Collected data
========================
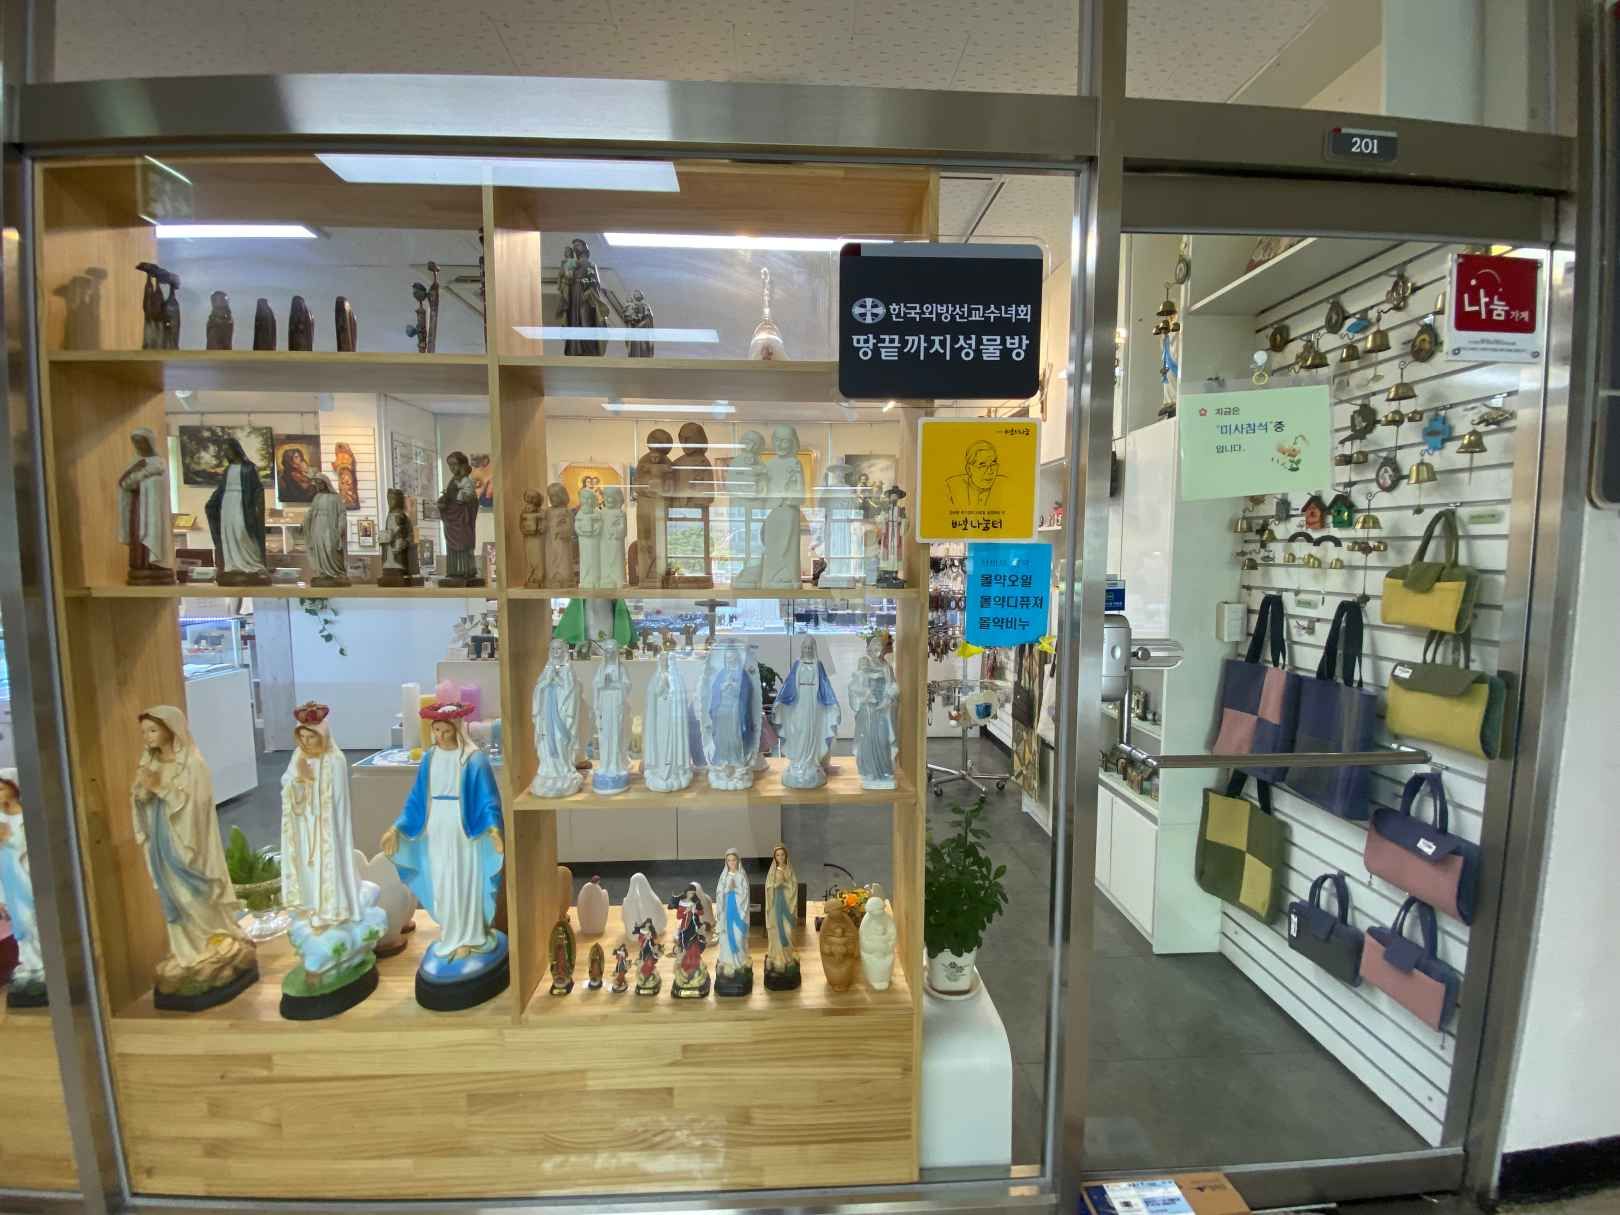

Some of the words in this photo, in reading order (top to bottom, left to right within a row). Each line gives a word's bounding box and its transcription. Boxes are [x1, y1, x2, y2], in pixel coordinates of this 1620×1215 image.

[1351, 136, 1378, 154] 201
[889, 302, 1031, 323] 한국외방선교수녀회
[1463, 288, 1510, 320] 나눔
[851, 334, 1030, 361] 땅끝까지성물방
[1215, 406, 1240, 416] 지금은
[1215, 443, 1246, 454] 입니다.
========================
**Directions for this task:** Would you transcribe all of the data exactly, omitting any pictures?

**Task solution:**
Some of the words in this photo, in reading order (top to bottom, left to right within a row). Each line gives a word's bounding box and its transcription. Boxes are [x1, y1, x2, y2], in pixel coordinates of this 1620×1215 image.

[1351, 136, 1378, 154] 201
[889, 302, 1031, 323] 한국외방선교수녀회
[1463, 288, 1510, 320] 나눔
[851, 334, 1030, 361] 땅끝까지성물방
[1215, 406, 1240, 416] 지금은
[1215, 443, 1246, 454] 입니다.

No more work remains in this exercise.